First seen (albeit all-too-briefly) within the world of noir in WHEN STRANGERS MARRY (1944), she began to attract more attention with small parts in SPELLBOUND (1945) and THE SPIRAL STAIRCASE (1946) before scoring her first plum role as "the other" femme fatale, Meta Carson, in OUT OF THE PAST (1947). Hollywood quickly determined that Fleming was meant for technicolor, so her work in noir would ultimately be sparse, particularly in B&W, with only CRY DANGER (1951), THE KILLER IS LOOSE (1956) and WHILE THE CITY SLEEPS (1956) being added to the traditional "delivery system" of noir.

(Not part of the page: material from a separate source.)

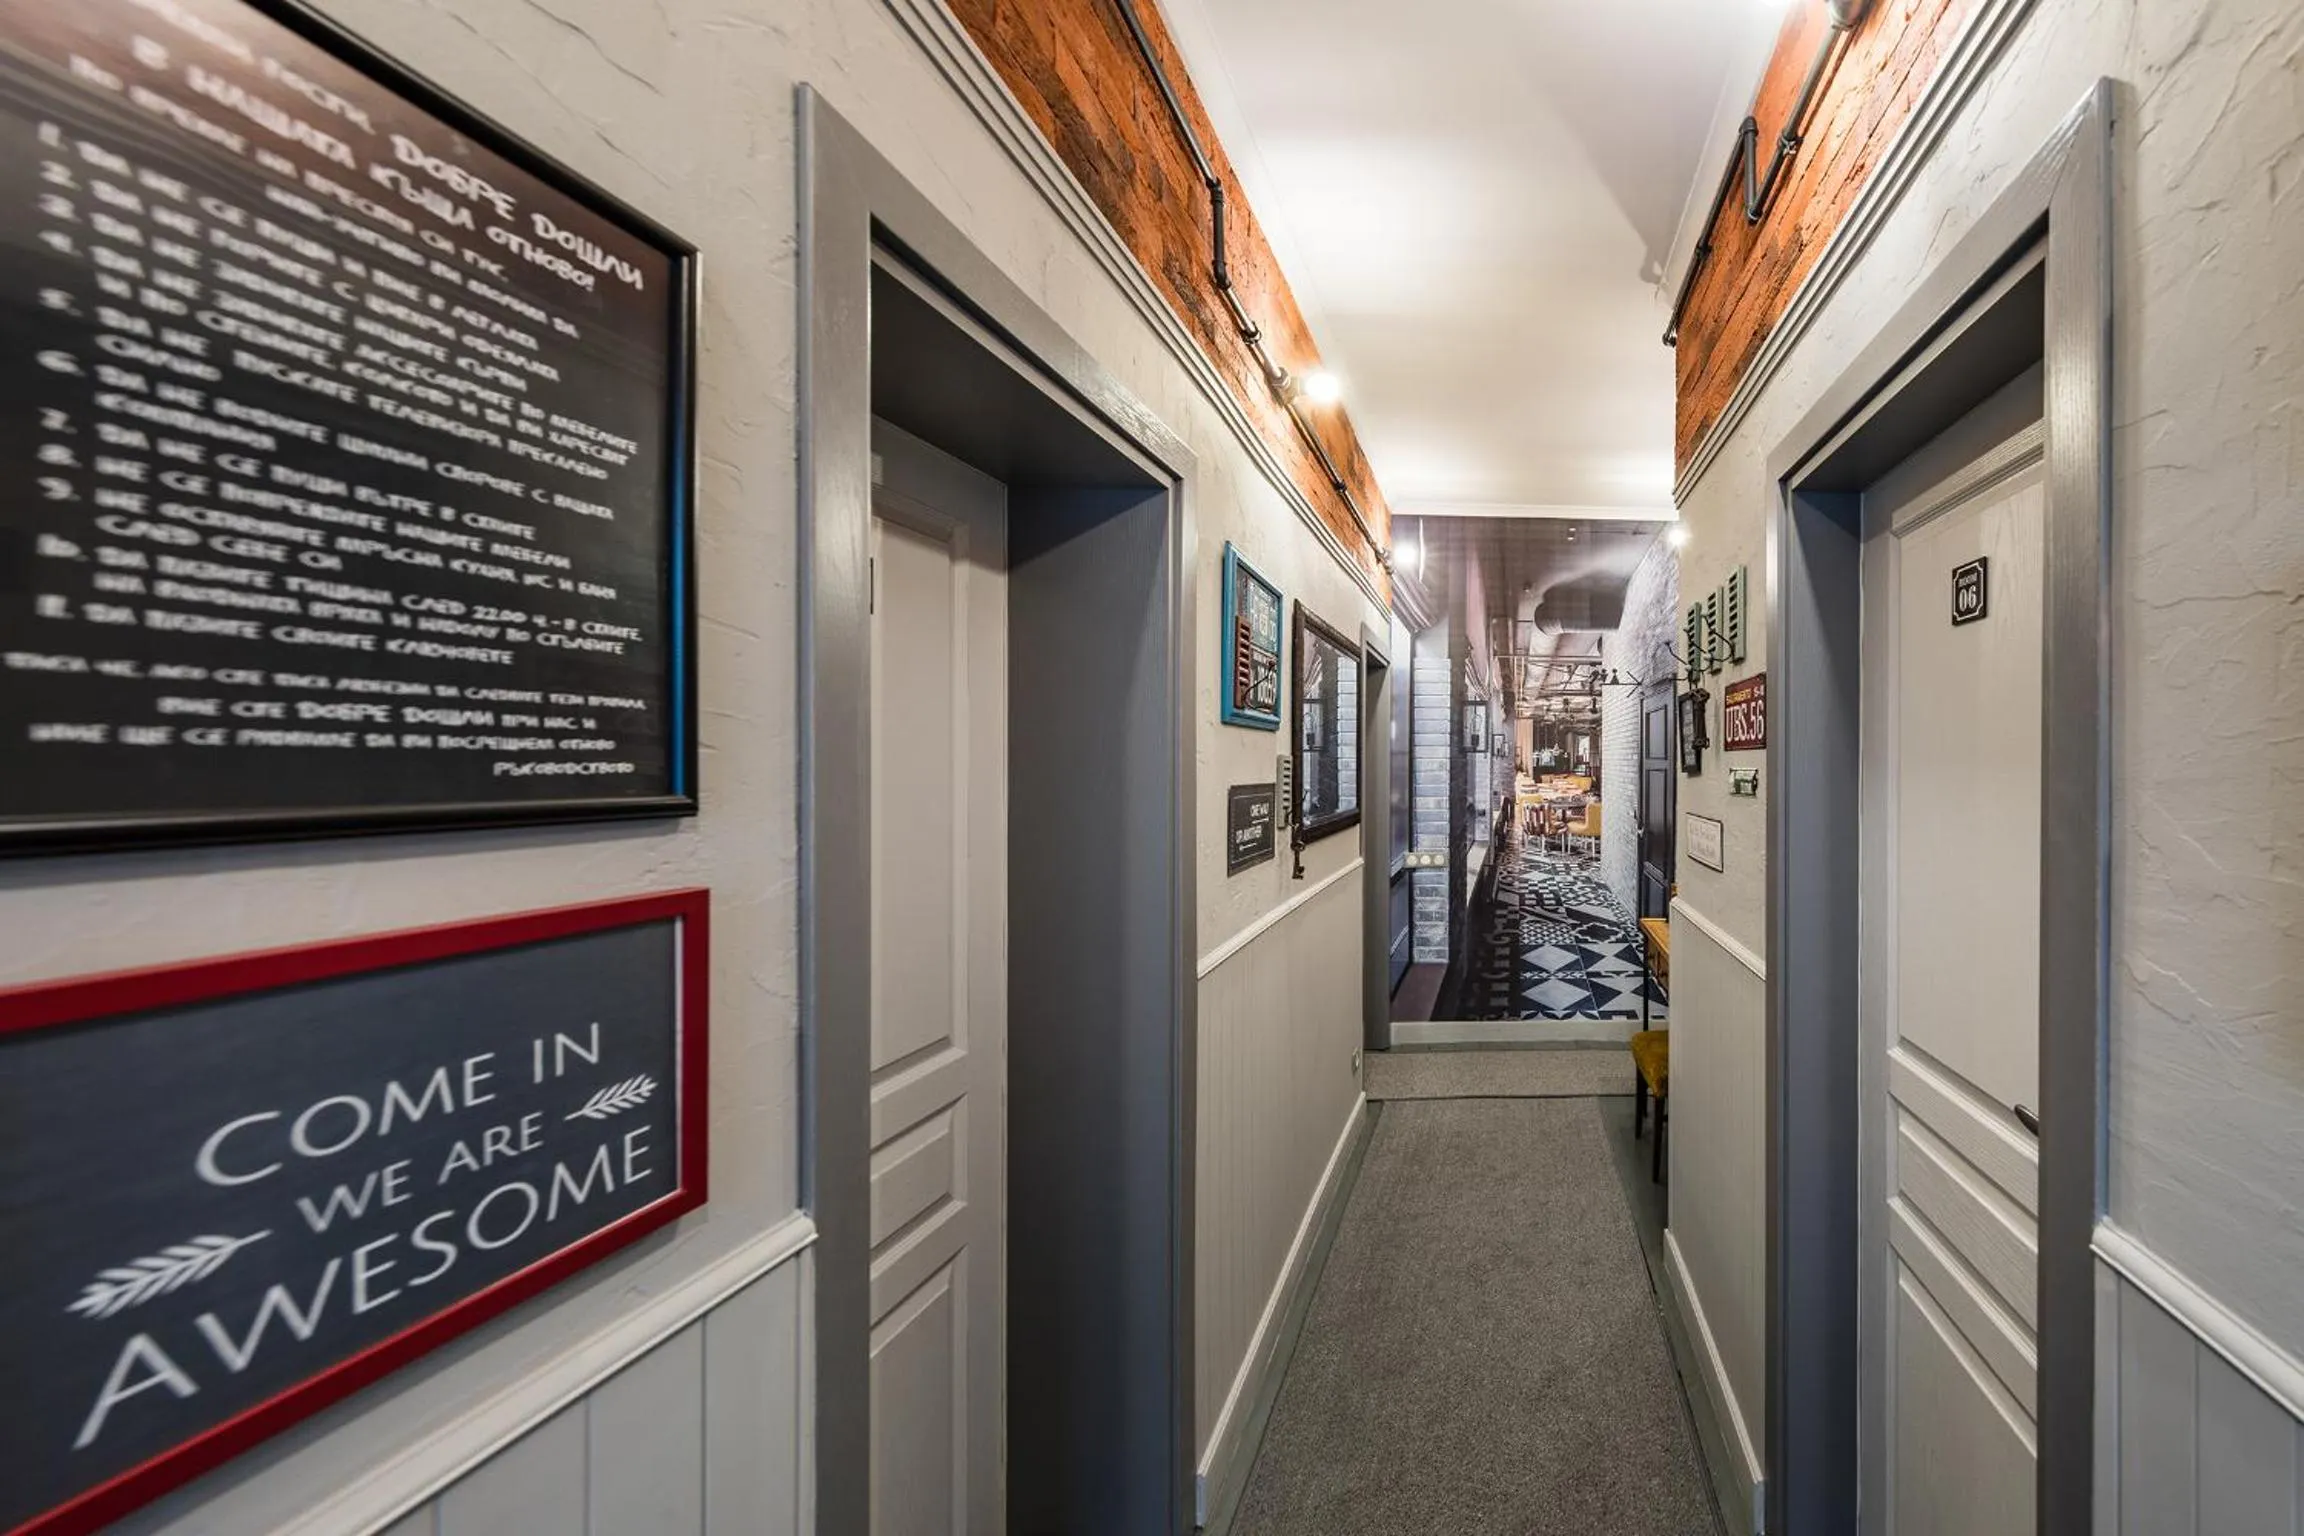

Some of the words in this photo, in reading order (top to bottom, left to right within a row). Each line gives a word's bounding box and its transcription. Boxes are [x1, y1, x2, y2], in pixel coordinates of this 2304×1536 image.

Several filmmakers were astute enough, however, to feature her in several of the rare color variants of noir in this time frame: INFERNO (1953), where she is a scheming wife, and SLIGHTLY SCARLET (1956), as the lead "bad girl" who is deliriously accompanied by fellow red-head bombshell Arlene Dahl.
Of all these roles, her turn in CRY DANGER may be the best, where she smoothly double-crosses Dick Powell and almost makes him like it. Fleming and Powell teamed up again ten years later in an episode of "The Dick Powell Theatre" entitled "John J. Diggs," an offbeat south-of-the-border tale that gives both of them a chance to do something a little different from what we'd expect. Director Ralph Nelson was just about to leave episodic TV behind for a film career, and this is one of three "Powell Theatre" episodes he helmed in the program's first season.
Fleming, of course, remained a grande dame long after she retired from films, and was famously married to Ted Mann, mastermind of Mann Theatres. Together and separately they devoted themselves to philanthropic causes, particularly in the field of cancer research.
Fleming's beauty was legendary, and a story recounted at IMDB suggests that she was "camera-proof." Supposedly a cameraman on one of her films tried everything he could think of to photograph her badly; he was astonished to discover that no matter how deliberately he botched it in a variety of ways, she still came out looking gorgeous.